● **Work instructions**
Leaving the pictures aside, return the listing exactly as it appears.
□ □ □ □ □ □ □
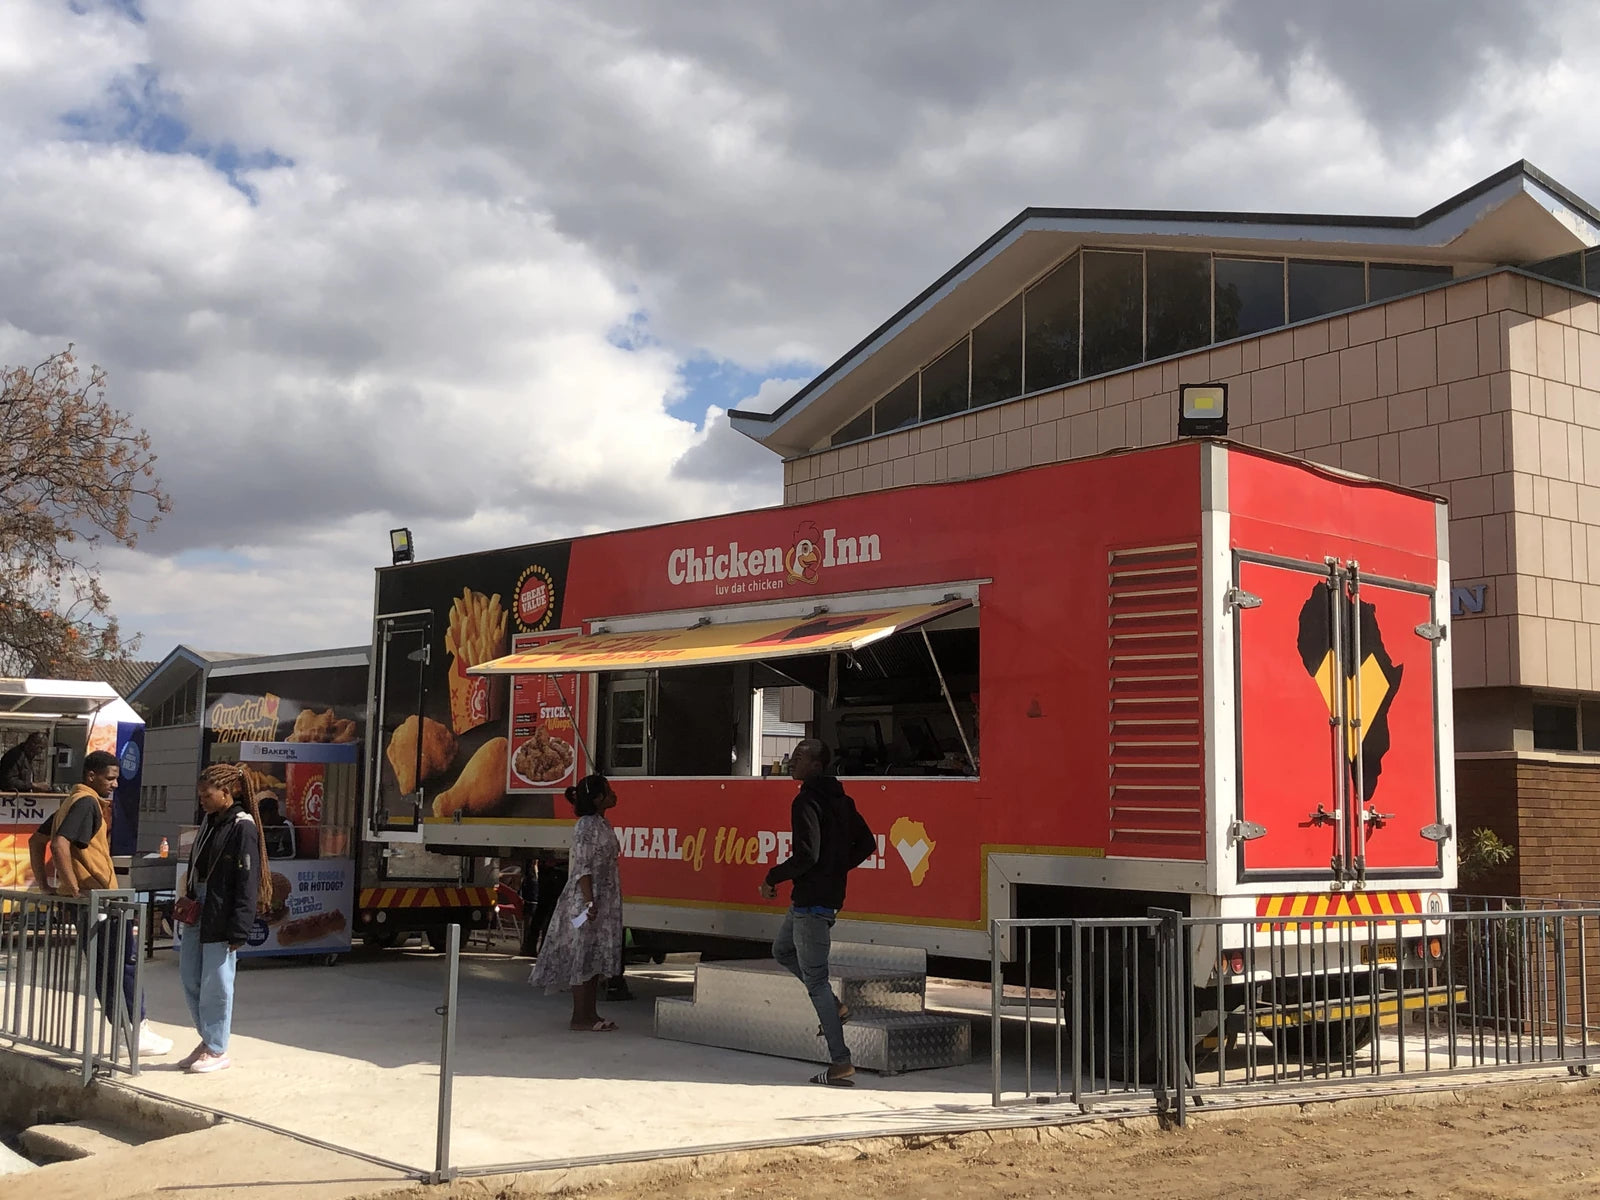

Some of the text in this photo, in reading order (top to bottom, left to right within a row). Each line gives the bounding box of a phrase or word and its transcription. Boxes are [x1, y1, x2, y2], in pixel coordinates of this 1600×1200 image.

[668, 528, 881, 585] Chicken Inn
[521, 584, 545, 602] GREAT
[715, 579, 783, 595] luv dat chicken
[522, 595, 546, 612] VALUE
[11, 809, 44, 818] INN
[613, 826, 683, 860] MEAL
[299, 882, 309, 891] OR
□ □ □ □ □ □ □
● **Reply**
Some of the text in this photo, in reading order (top to bottom, left to right within a row). Each line gives the bounding box of a phrase or word and its transcription. Boxes are [x1, y1, x2, y2], in pixel coordinates of this 1600×1200 image.

[668, 528, 881, 585] Chicken Inn
[521, 584, 545, 602] GREAT
[715, 579, 783, 595] luv dat chicken
[522, 595, 546, 612] VALUE
[11, 809, 44, 818] INN
[613, 826, 683, 860] MEAL
[299, 882, 309, 891] OR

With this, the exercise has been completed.